The Darwin’s Frog conservation initiative, involving the Atlanta Botanical Garden and the National Zoo of Chile in Santiago, is gearing up to finish installing a captive breeding facility for imperiled Darwin’s Frogs this week at the zoo in Santiago. After months of buying equipment, organizing shipping, and ironing out travel details, we are finally ready to put the equipment into the new facility at the National Zoo of Chile. Everyone is really excited since discussions of this project have been ongoing for years.
Darwins frogs suffer from habitat loss and emergent infectious disease, such as amphibian chytrid fungus.

Darwins frogs suffer from habitat loss and emergent infectious disease, such as amphibian chytrid fungus.

This shot depicts the new Darwins Frog breeding facility as it was being built at the national Zoo in Santiago.  The public will be able to see exactly what is happening in the facility as one entire wall of the structure is glass.

This shot depicts the new Darwins Frog breeding facility as it was being built at the National Zoo in Santiago.
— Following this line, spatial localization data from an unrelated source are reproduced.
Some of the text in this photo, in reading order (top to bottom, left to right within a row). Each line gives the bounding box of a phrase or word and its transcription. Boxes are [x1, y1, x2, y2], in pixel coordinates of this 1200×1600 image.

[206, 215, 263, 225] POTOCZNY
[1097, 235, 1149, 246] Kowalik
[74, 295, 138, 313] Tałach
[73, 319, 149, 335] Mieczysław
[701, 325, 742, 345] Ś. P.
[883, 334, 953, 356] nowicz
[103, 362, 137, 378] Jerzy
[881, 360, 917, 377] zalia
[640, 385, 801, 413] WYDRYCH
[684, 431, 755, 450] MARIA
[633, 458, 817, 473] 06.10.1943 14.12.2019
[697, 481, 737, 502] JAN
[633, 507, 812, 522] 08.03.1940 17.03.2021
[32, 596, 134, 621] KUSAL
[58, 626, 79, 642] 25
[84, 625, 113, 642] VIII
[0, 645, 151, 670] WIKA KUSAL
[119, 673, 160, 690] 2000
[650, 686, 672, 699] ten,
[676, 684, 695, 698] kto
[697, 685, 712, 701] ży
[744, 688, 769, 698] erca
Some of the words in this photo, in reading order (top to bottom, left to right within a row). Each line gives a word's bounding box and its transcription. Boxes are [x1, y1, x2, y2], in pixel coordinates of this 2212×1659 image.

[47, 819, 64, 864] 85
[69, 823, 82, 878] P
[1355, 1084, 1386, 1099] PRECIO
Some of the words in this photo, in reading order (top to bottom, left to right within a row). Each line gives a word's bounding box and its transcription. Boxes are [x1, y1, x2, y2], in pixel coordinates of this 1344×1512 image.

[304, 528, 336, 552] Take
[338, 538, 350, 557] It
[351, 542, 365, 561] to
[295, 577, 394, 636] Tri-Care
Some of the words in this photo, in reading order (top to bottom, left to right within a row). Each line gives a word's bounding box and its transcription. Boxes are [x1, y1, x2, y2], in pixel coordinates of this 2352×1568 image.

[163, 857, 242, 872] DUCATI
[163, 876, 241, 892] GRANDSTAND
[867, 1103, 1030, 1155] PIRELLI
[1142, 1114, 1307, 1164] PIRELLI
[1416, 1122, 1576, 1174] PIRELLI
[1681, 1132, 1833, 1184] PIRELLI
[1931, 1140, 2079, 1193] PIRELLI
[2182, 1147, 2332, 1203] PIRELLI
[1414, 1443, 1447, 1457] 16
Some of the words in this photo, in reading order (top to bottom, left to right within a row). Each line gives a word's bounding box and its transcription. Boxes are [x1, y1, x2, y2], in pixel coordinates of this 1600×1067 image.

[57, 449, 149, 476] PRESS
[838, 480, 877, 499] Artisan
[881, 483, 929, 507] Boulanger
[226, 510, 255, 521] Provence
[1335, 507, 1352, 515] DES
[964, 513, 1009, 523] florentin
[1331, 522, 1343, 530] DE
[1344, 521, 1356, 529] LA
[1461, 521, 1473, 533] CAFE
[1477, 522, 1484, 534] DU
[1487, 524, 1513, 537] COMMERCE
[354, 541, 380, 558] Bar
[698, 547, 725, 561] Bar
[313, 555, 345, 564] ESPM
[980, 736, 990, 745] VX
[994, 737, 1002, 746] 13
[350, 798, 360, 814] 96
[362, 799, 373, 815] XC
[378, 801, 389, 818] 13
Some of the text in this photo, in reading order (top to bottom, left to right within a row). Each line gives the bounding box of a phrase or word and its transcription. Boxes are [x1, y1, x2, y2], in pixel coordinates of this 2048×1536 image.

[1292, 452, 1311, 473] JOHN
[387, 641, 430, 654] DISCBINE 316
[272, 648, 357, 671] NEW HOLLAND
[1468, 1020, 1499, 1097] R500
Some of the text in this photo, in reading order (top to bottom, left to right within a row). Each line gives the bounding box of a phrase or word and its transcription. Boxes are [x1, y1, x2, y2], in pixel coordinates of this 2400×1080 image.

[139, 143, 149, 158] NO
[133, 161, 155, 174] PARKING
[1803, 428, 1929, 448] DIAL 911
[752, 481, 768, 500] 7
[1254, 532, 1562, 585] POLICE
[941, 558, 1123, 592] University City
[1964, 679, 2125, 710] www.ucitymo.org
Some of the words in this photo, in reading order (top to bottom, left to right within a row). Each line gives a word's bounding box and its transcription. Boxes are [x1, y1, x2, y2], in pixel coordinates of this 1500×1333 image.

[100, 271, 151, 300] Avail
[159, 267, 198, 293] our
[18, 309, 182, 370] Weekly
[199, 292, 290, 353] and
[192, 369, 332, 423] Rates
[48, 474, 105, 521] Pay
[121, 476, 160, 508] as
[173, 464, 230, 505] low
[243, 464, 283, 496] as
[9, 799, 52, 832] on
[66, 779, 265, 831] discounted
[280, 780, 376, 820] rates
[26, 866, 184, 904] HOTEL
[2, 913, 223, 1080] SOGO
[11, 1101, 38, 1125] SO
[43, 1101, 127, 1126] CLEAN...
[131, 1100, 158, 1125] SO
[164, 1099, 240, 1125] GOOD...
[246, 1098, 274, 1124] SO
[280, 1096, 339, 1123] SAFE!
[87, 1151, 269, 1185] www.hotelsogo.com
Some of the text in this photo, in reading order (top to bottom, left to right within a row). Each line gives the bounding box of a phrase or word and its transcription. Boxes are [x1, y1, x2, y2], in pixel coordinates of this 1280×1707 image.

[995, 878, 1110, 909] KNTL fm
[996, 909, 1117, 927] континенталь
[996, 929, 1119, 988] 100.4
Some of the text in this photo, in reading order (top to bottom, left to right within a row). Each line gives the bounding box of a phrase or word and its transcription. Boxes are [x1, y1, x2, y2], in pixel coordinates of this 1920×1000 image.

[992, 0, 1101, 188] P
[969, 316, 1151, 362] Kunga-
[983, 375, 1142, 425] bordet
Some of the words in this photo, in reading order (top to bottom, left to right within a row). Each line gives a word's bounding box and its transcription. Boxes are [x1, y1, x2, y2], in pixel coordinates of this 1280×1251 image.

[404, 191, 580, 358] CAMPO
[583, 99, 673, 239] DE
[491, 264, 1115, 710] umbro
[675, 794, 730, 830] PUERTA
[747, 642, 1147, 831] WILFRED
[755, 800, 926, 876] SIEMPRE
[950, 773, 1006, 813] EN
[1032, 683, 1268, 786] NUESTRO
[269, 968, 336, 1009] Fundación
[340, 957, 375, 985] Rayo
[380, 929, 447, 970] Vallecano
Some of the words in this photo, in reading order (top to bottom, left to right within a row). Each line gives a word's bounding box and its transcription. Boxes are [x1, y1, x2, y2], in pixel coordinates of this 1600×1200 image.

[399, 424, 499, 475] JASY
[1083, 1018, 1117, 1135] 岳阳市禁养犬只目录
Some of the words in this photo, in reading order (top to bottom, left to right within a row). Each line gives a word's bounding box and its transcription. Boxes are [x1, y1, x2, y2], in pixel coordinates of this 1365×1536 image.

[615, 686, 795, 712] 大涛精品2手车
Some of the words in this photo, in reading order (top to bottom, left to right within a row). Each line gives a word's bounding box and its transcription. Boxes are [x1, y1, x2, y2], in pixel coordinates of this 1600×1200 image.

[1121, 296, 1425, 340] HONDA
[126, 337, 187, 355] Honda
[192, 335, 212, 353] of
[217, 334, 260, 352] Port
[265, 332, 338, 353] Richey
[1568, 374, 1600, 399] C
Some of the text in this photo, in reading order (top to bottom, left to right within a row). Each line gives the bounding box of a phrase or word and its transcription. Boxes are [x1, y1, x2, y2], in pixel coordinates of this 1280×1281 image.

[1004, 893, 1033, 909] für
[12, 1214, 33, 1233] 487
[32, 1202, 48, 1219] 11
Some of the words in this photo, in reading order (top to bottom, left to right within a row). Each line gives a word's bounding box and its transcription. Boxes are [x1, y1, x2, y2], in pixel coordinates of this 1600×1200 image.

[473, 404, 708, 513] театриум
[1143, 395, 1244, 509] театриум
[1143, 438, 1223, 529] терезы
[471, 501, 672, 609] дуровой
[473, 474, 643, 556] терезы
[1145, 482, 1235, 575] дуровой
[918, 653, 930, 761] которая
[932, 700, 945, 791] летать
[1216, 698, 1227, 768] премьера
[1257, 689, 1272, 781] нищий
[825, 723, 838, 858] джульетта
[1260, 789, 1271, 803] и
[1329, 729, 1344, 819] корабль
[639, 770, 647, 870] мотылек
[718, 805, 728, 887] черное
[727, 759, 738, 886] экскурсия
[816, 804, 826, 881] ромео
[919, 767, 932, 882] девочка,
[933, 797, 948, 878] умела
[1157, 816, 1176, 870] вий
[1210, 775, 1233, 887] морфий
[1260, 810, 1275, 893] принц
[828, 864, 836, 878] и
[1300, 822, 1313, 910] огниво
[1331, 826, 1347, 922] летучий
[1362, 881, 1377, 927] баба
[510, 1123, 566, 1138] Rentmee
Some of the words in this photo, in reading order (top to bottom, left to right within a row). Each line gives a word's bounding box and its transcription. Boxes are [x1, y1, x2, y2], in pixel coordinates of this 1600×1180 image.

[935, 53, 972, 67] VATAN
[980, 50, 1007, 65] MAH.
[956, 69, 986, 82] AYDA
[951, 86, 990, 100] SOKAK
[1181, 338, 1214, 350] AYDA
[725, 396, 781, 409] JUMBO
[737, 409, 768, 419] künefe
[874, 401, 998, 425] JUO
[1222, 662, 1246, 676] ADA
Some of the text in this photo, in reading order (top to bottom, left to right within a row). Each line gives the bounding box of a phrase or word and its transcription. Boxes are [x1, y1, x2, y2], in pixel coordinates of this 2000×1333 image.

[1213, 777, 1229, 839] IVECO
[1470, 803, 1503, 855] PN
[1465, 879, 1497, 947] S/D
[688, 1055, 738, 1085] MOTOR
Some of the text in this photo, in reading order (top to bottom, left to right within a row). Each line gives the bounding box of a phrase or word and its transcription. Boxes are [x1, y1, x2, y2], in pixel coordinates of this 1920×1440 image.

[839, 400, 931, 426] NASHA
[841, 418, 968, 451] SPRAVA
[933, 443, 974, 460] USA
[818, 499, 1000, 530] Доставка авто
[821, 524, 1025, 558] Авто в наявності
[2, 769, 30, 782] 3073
The public will be able to see exactly what is happening in the facility as one entire wall of the structure is glass.

We will post updates as we install the equipment and will include images of the process.  We hope the facility will provide just the environment required to keep Rhinoderma happy and healthy.  Right off the bat we would like to thank the folks at ZooMed for their outstanding assistance and support of this project.  Linda Reed and the Bagnall family graciously allowed us to use the ZooMed facility in California as a staging area for our equipment before it was shipped to Valparaiso, Chile.  Not surprisingly, our new facility in Santiago, Chile, is stocked with ZooMed equipment and terrariums, which are also used in the “frog pod” at the Atlanta Botanical Garden.  We’d like to thank our project supporters in the Association of Zoos and Aquariums CEF program, the Shared Earth Foundation, the Chicago Board of Trade, the George and Marry Rabb Foundation, and the Sophie Danforth Conservation Biology Fund.  Please stay tuned for more posts!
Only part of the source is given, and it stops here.